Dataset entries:
———

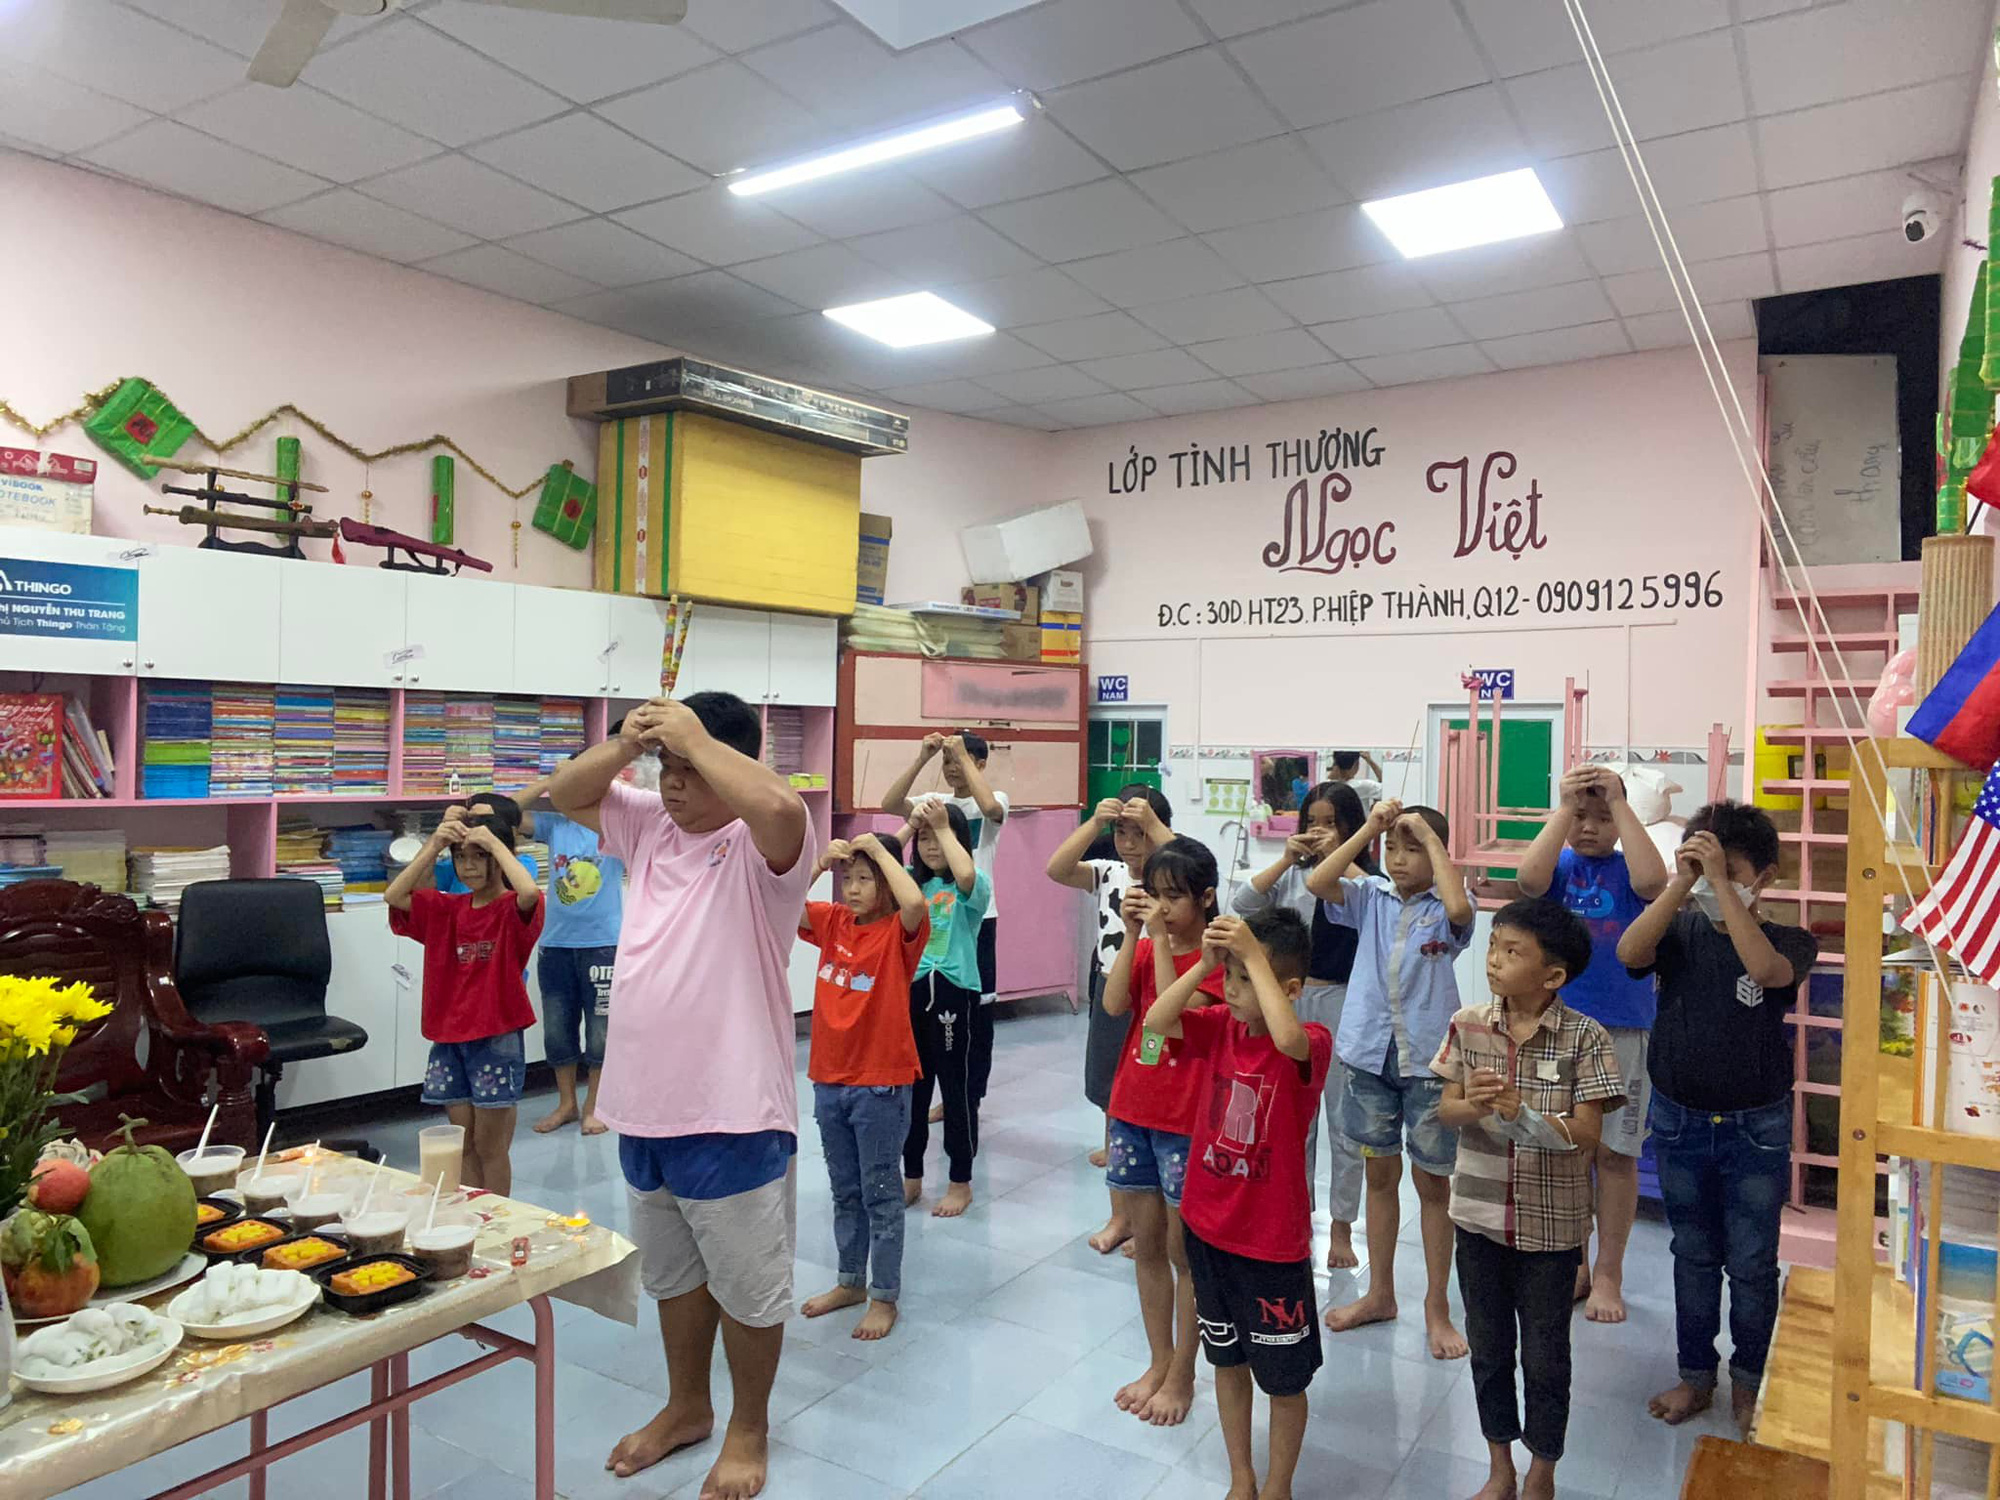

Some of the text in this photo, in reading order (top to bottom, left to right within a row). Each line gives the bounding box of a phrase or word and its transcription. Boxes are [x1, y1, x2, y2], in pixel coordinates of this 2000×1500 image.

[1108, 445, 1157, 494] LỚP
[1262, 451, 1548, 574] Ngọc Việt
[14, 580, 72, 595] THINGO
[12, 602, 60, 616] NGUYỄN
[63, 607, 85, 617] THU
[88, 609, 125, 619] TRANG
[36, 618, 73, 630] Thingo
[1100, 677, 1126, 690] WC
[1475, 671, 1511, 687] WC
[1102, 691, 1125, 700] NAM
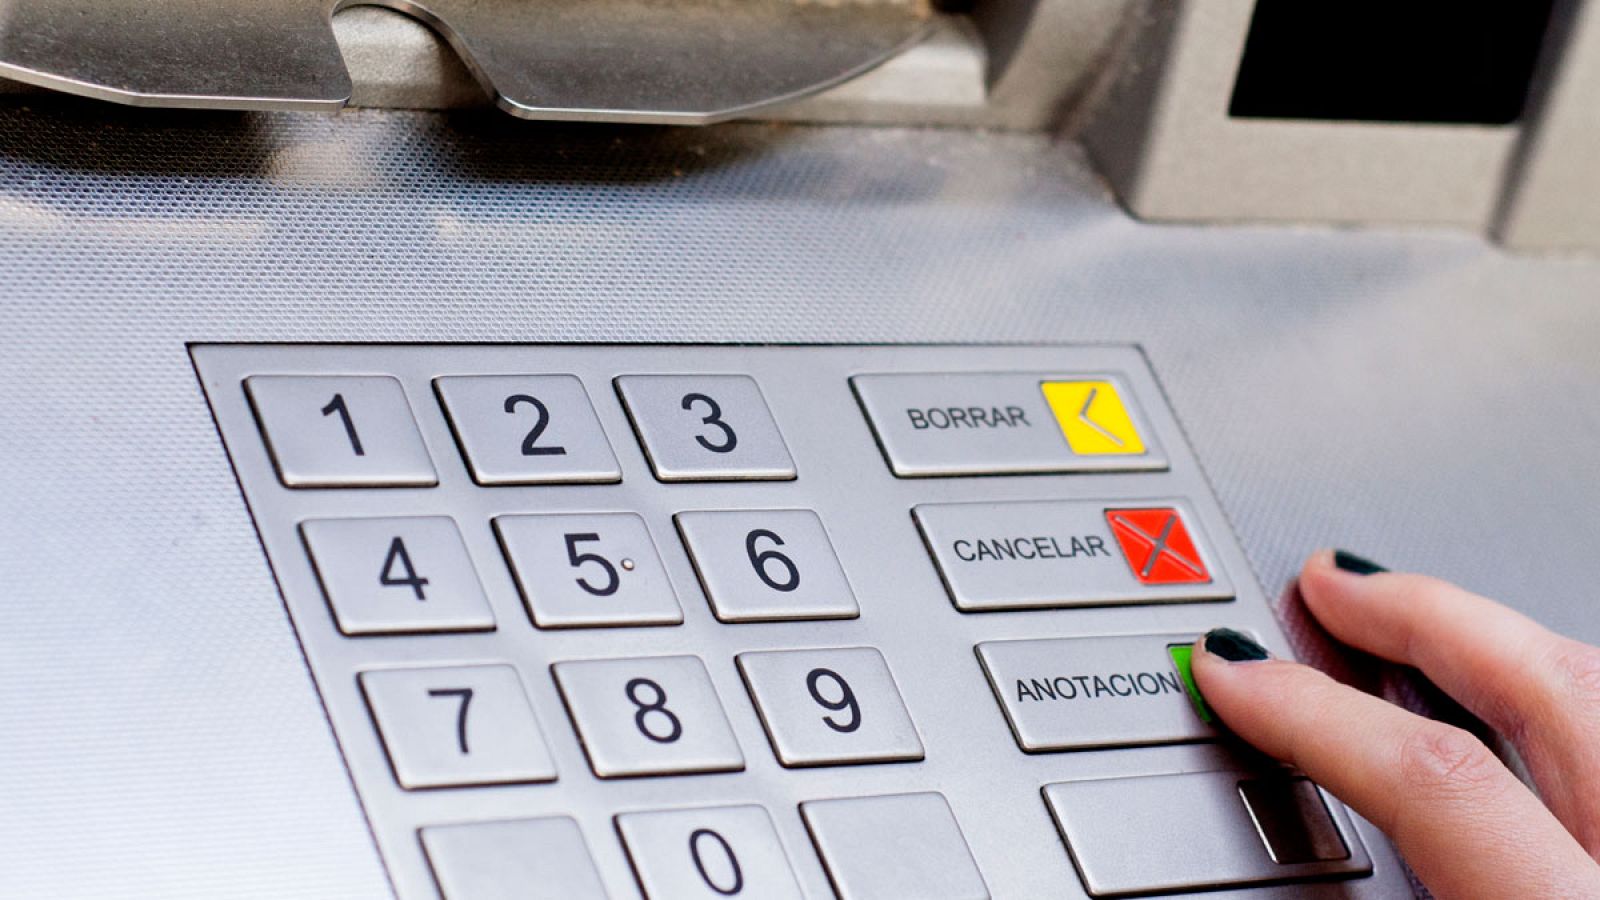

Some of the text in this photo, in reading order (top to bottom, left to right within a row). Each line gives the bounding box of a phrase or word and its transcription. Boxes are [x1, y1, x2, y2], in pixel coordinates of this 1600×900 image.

———

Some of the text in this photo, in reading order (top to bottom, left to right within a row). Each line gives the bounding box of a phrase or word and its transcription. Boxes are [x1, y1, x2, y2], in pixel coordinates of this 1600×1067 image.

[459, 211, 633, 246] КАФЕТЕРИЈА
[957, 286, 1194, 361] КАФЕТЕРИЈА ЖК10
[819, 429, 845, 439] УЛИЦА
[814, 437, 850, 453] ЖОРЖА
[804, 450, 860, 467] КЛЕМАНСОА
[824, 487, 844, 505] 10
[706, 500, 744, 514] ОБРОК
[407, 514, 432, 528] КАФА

———

### Instructions to follow
In the data above, take the line with "this 2000×1500 image.", the line with "this 1600×900 image.", and every line between, and set them down exactly without pictures.

### Exercise output
Some of the text in this photo, in reading order (top to bottom, left to right within a row). Each line gives the bounding box of a phrase or word and its transcription. Boxes are [x1, y1, x2, y2], in pixel coordinates of this 2000×1500 image.

[1108, 445, 1157, 494] LỚP
[1262, 451, 1548, 574] Ngọc Việt
[14, 580, 72, 595] THINGO
[12, 602, 60, 616] NGUYỄN
[63, 607, 85, 617] THU
[88, 609, 125, 619] TRANG
[36, 618, 73, 630] Thingo
[1100, 677, 1126, 690] WC
[1475, 671, 1511, 687] WC
[1102, 691, 1125, 700] NAM

Some of the text in this photo, in reading order (top to bottom, left to right within a row). Each line gives the bounding box of a phrase or word and its transcription. Boxes are [x1, y1, x2, y2], in pixel coordinates of this 1600×900 image.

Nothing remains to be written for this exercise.